La Regione Friuli Venezia Giulia destina 1,2 milioni di euro nel triennio 2026-2028 a televisioni e radio, pubbliche e private, per produrre telegiornali e programmi d’informazione in lingua friulana.
Lo prevede un emendamento alla Legge di Stabilità, approvato all’unanimità, illustrato dall’assessore alle Autonomie locali e lingue minoritarie Pierpaolo Roberti. L’iniziativa sarà gestita dall’Arlef, che stipulerà convenzioni con le emittenti per portare il friulano nelle case di tutta la regione.

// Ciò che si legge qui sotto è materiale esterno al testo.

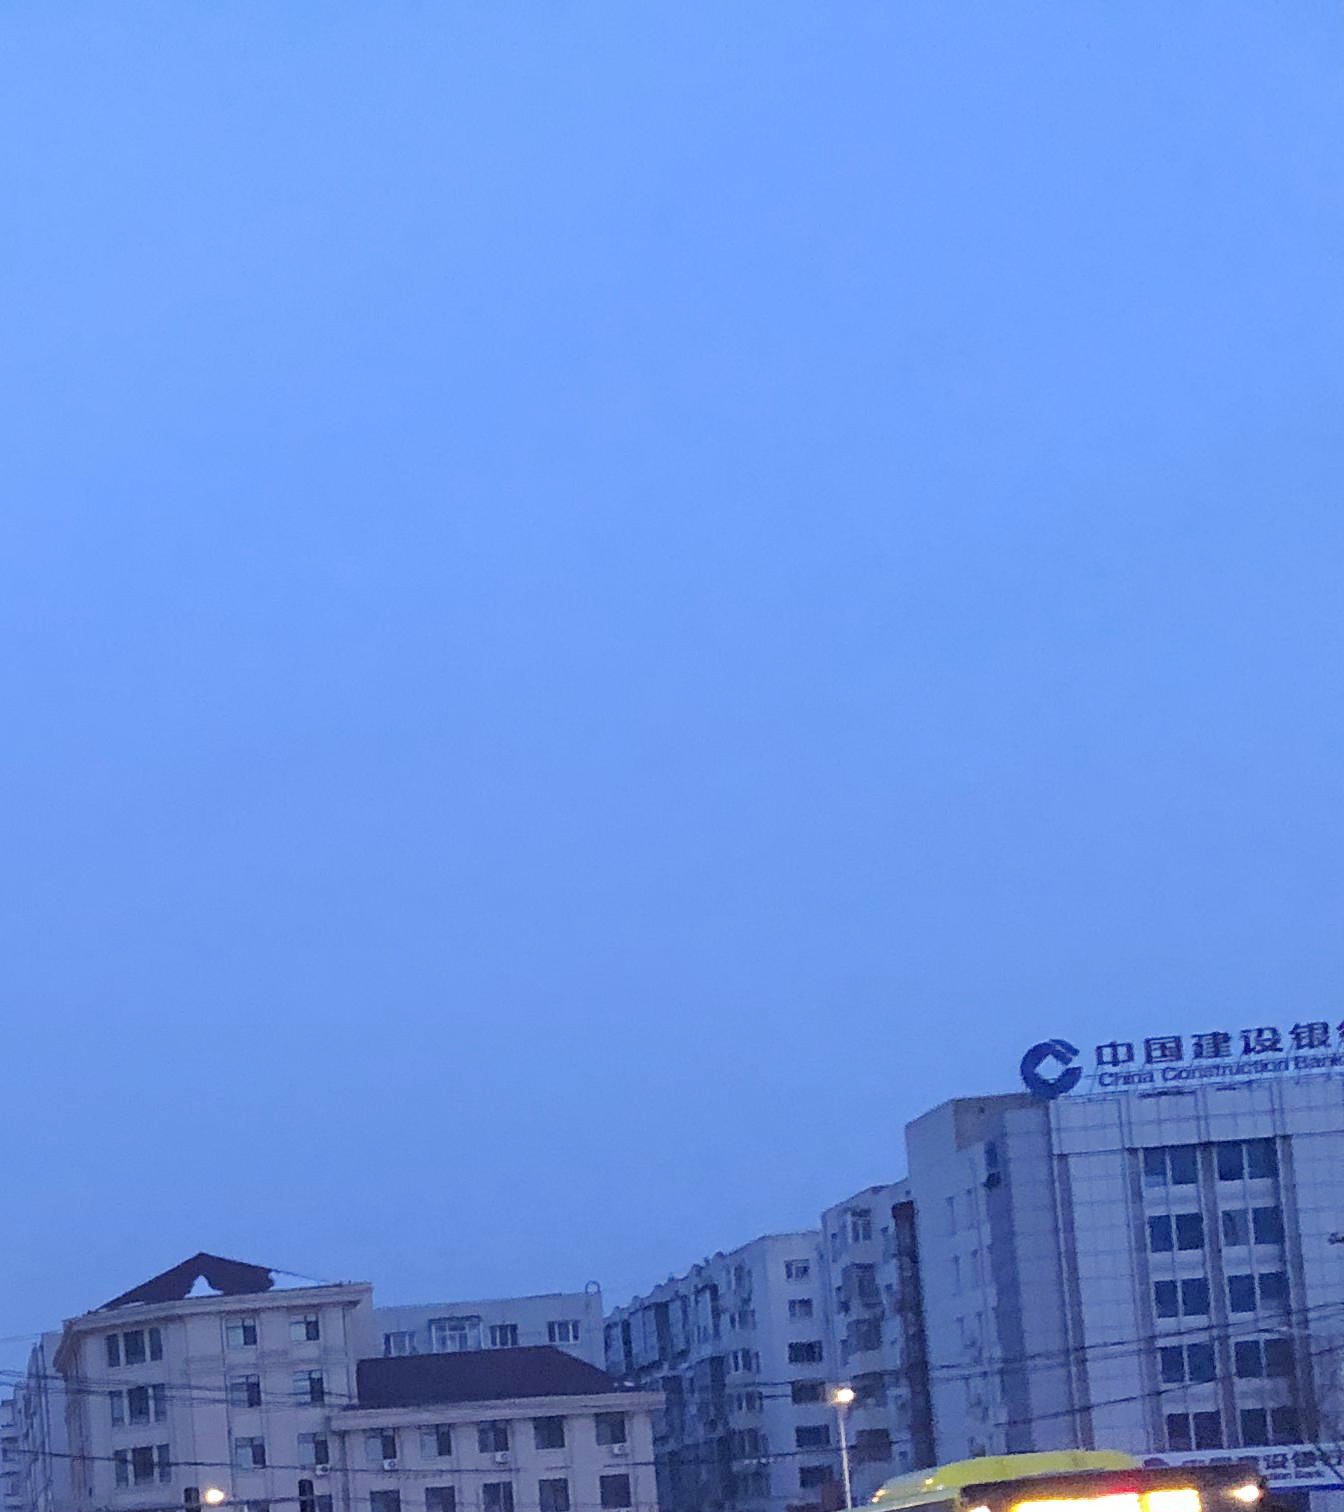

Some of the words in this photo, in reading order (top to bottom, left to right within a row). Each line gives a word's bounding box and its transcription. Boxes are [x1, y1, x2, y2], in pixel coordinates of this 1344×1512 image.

[1095, 1020, 1344, 1067] 中国建设银
[1098, 1070, 1155, 1088] China
[1162, 1057, 1289, 1082] Construction

Roberti ha ricordato che la misura rientra in un più ampio Piano di politica linguistica e segue altri interventi, come il Teatro Stabile Friulano, l’accordo con la Rai per trasmissioni in friulano e i corsi di lingua per giornalisti. Arlef, potenziata con ulteriori fondi e maggiore autonomia, continuerà a collaborare con l’Assemblea della Comunità Linguistica Friulana, che coinvolge anche i Comuni friulanofoni del Veneto.
Alla conferenza stampa erano presenti diversi consiglieri regionali, il presidente del Consiglio Mauro Bordin e il presidente dell’Arlef Eros Cisilino.